Our phishig domain has to be managed via Digital Ocean, if you registered the domain on Godaddy, Namecheap or other registrar we need to configure custom Digital Ocean DNS servers for it and then Add it in Digital Ocean.

The newly added domain has only these DNS records set:

DO_created_fresh_domain

We should verify, if it's true:

> dig @8.8.8.8 +short NS opsecfail.me
ns1.digitalocean.com.
ns2.digitalocean.com.
ns3.digitalocean.com.

To provision the droplets, combination of Terraform and Ansible is used, let's install it.

Install Ansible to be able run ansible-playbook.

> ls -l /usr/bin/ansible-playbook
lrwxrwxrwx 1 root root 7 Jul 11  2019 /usr/bin/ansible-playbook -> ansible

Edit ansible defaults ~/.ansible.cfg and add:

[defaults]
host_key_checking = False
command_warnings=False

Install Terraform version 0.12 from https://releases.hashicorp.com/terraform/0.12.0/terraform_0.12.0_linux_amd64.zip

If you haven't already clone this repository and go to terraform-phishing/config-phish directory.

Run the ./init.sh script, it'll create a main terraform config file for you (in the config-phish directory) by asking you about:

  • Your phishing server hostname (mandatory)
  • Your phishing server domain (mandatory)
  • Your redirection server hostname (mandatory)
  • Your redirection server domain (mandatory)
  • Your Slack Webhook URL (optional)

Example:

> ./init.sh
[+] Copying Terraform phishing template to current directory.
Enter your phishing server hostname [for example www]: www7
Enter your phishing server domain [for example example.com]: opsecfail.me
Enter your mail redirection server hostname [for example mail:] mail7
Enter your mail redirection server domain [for example example.com]: opsecfail.me
Enter your Slack Webhook URL: https://hooks.slack.com/services/[...SNIP...]/[...SNIP...]
Your phishing setup:
Phishing server: www7.opsecfail.me
Redirection server: mail7.opsecfail.me
Slack Webhook https://hooks.slack.com/services/[...SNIP...]/[...SNIP...]
[+] Terraform config setup done.
[+] Creating file for DKIM retrieval and setup at /tmp/dkim.txt
[+] Changes done.

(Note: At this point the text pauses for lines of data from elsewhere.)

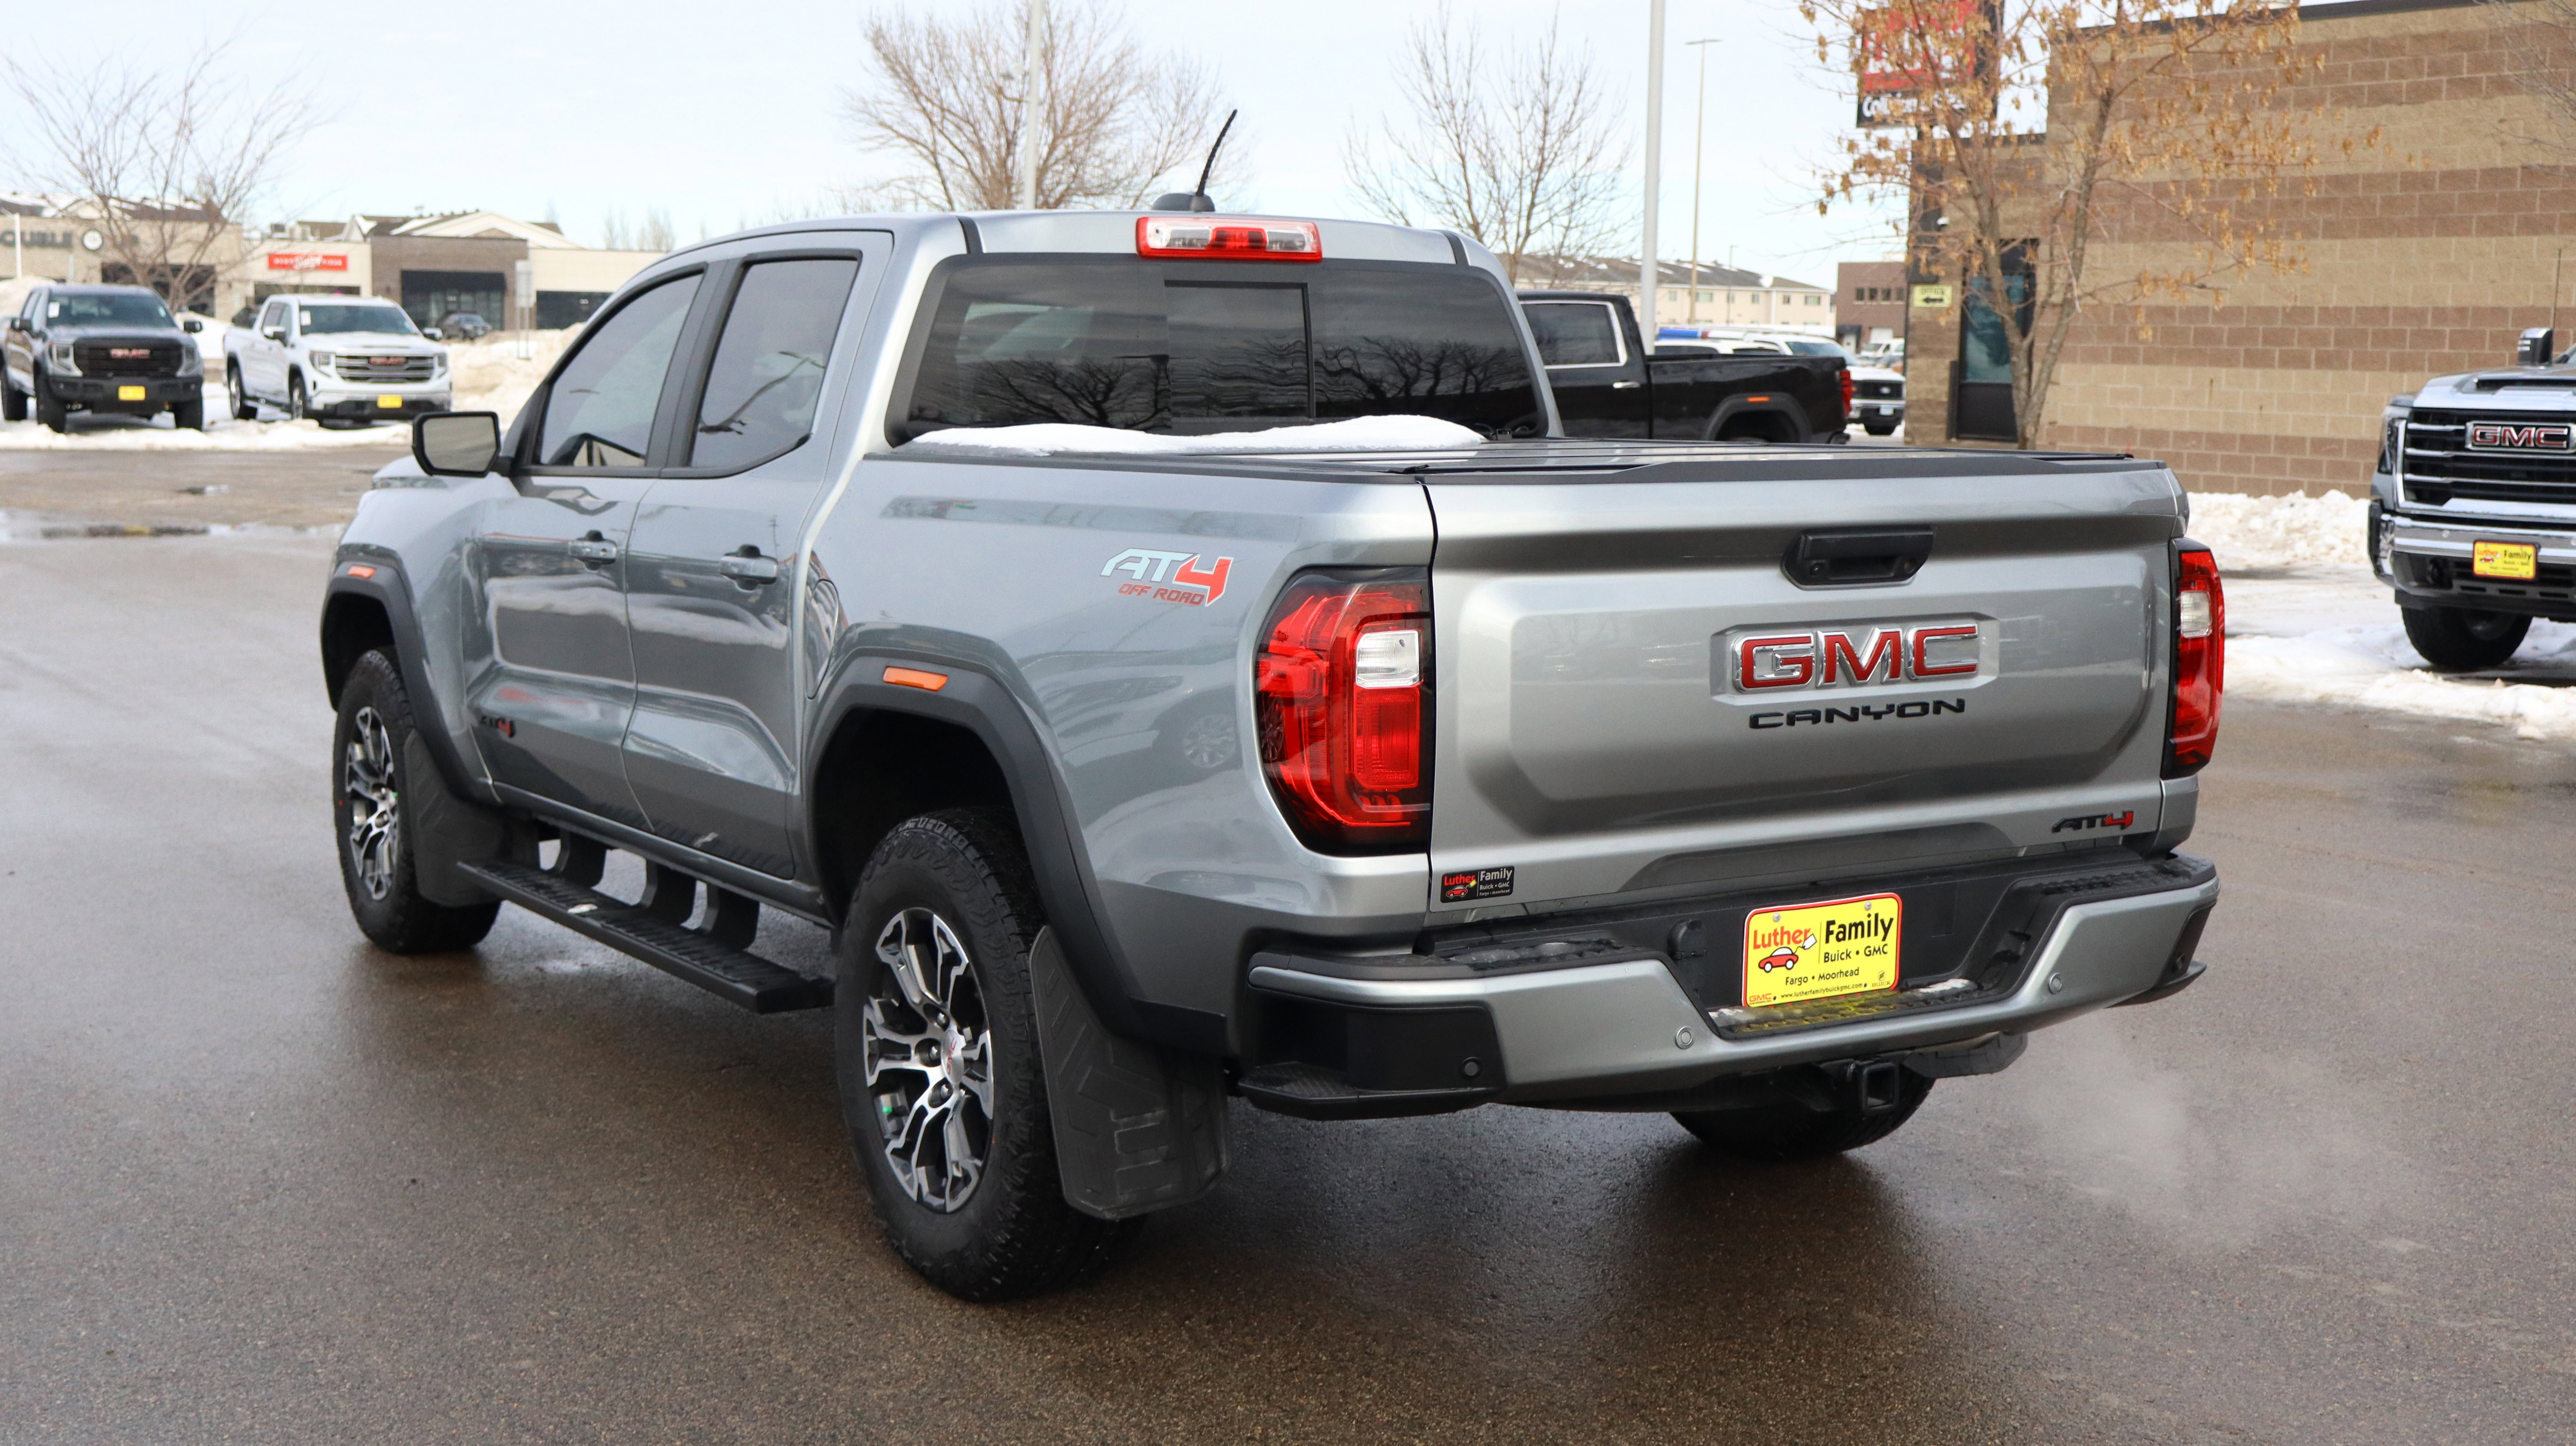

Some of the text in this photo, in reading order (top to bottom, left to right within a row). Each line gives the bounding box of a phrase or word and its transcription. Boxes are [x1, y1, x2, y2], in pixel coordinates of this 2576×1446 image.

[2473, 426, 2568, 448] GMC
[2504, 550, 2531, 560] Family
[1100, 547, 1234, 607] AT4
[1118, 583, 1206, 606] OFF ROAD
[1733, 623, 1978, 694] GMC
[1750, 697, 1966, 729] CANYON
[2052, 810, 2134, 833] AT4
[1444, 868, 1513, 886] Luther Family
[1753, 912, 1894, 950] Luther Family
[1824, 943, 1888, 963] Buick GMC
[1786, 967, 1859, 986] Fargo Moorhead
[1749, 993, 1772, 1002] GMC
[1781, 983, 1863, 999] www.lutherfamilybuickgmc.com

Check your phishing.tf
[+] If everything is OK, run the terraform (for this project I recommend version 0.12) in this current directory config-phish:
terraform init
terraform plan
terraform apply

Manually inspect the config file phishing.tf and proceed.

The default region is set to Amsterdam3 (AMS3), you can change it in variables.tf for a specific module.

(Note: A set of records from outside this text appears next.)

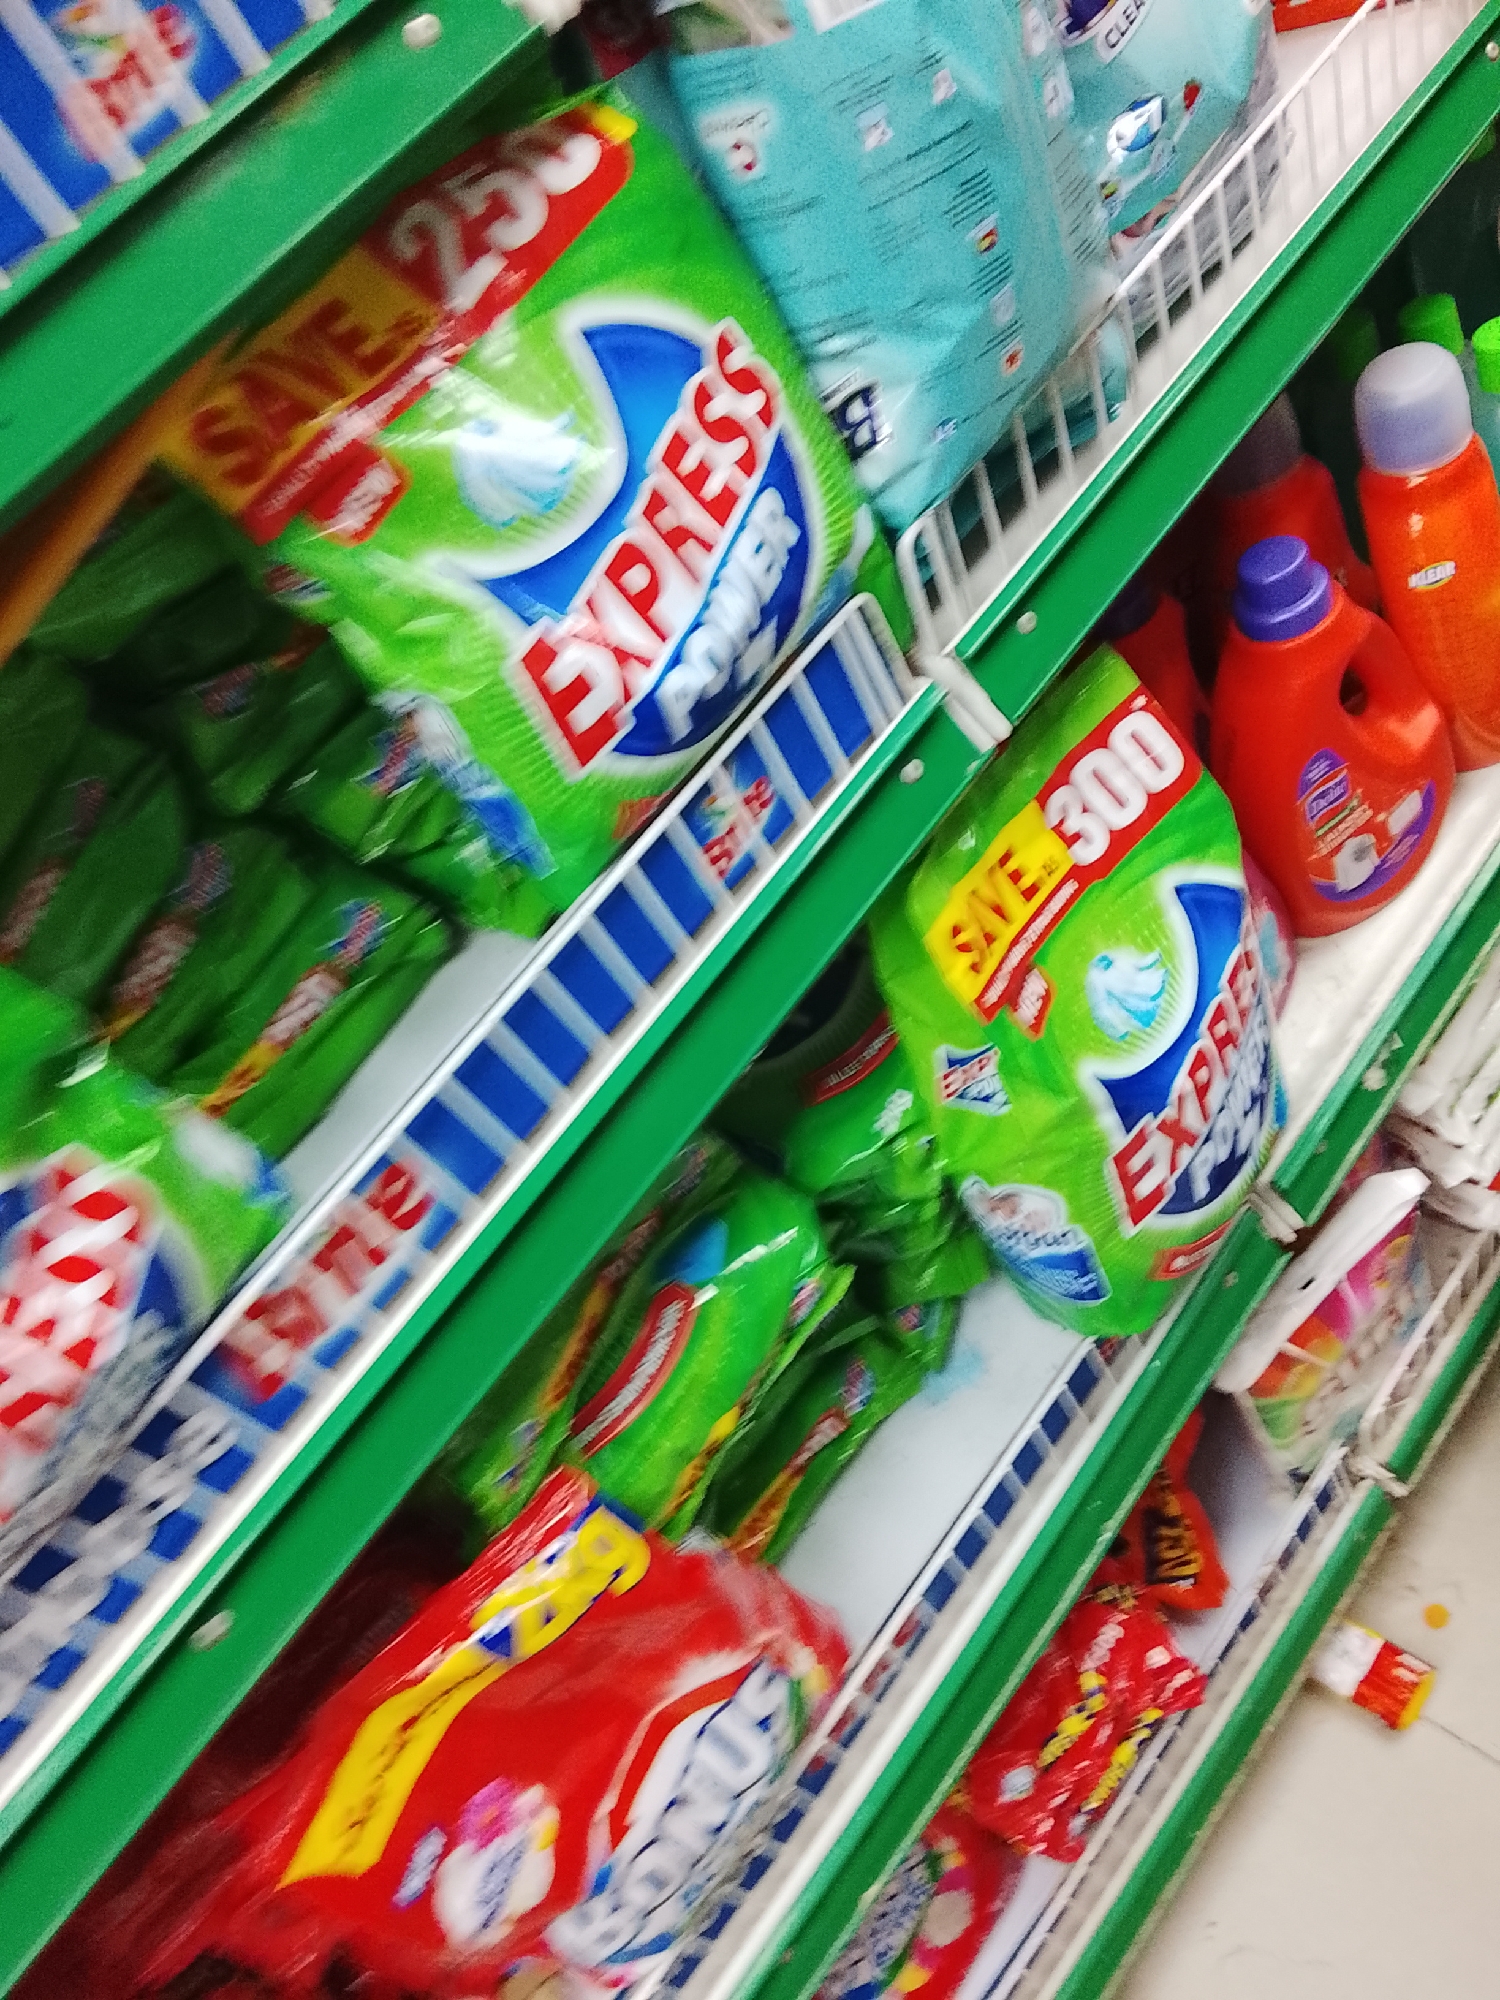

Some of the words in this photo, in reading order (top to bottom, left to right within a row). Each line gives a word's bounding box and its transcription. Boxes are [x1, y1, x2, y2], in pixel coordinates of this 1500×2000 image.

[188, 300, 398, 486] SAVE
[388, 126, 602, 314] 250
[520, 328, 774, 768] EXPRESS
[656, 485, 801, 744] POWER
[951, 846, 1040, 974] SAVE
[1044, 709, 1186, 867] 300
[547, 1655, 789, 1969] BONUS

Still in the config-phish directory, you must run the terraform init to initialize all the providers, then terraform plan to create a state file and validate the config, if everything looks OK finally run terraform apply to apply the changes and create two droplets.

Running the terraform apply will ask for a confirmation.

DO_terraform_apply_first

After the command finishes you should see similar output:

DO_terraform_apply

You should have now two droplets created and the DNS records for the domain set:

DO_configured_domain

If you've setup also the Slack Webhook, new messages appeared:

DO_slack_chan

After your campaign is over, delete the droplets, by issuing this command terraform destroy

DO_terraform_destroyed

DNS records will be removed as well.

DO_dns-records-after-destroy

Tips

List of Droplet's IP addresses

I recommend using the Zsh to make your life easier.

Consider also adding the following alias to you ~/.zshrc

alias ips="ls -l /CHANGE-TO-WHERE-YOUR-PROJECT-IS/terraform-phishing/data/ips | cut -d ' ' -f 9,10 | cut -d ' ' -f 2 | sed 's/_/  \:  /g'"

After you create a droplet this way, you can just use command ips to quickly see the IP address and hostname:

> ips

mail7  :  178.62.252.153
www7  :  188.166.75.45

SSH Auto-completion

And If you configure SSH autocompletion, you can SSH into those droplets just by typing:

ssh mail7<TAB>
ssh mail7_188.166.110.247<ENTER>

How ENABLE SSH autocompletion under Zsh with Oh-My-Zsh

This guide was stolen from the Red-Baron WIKI.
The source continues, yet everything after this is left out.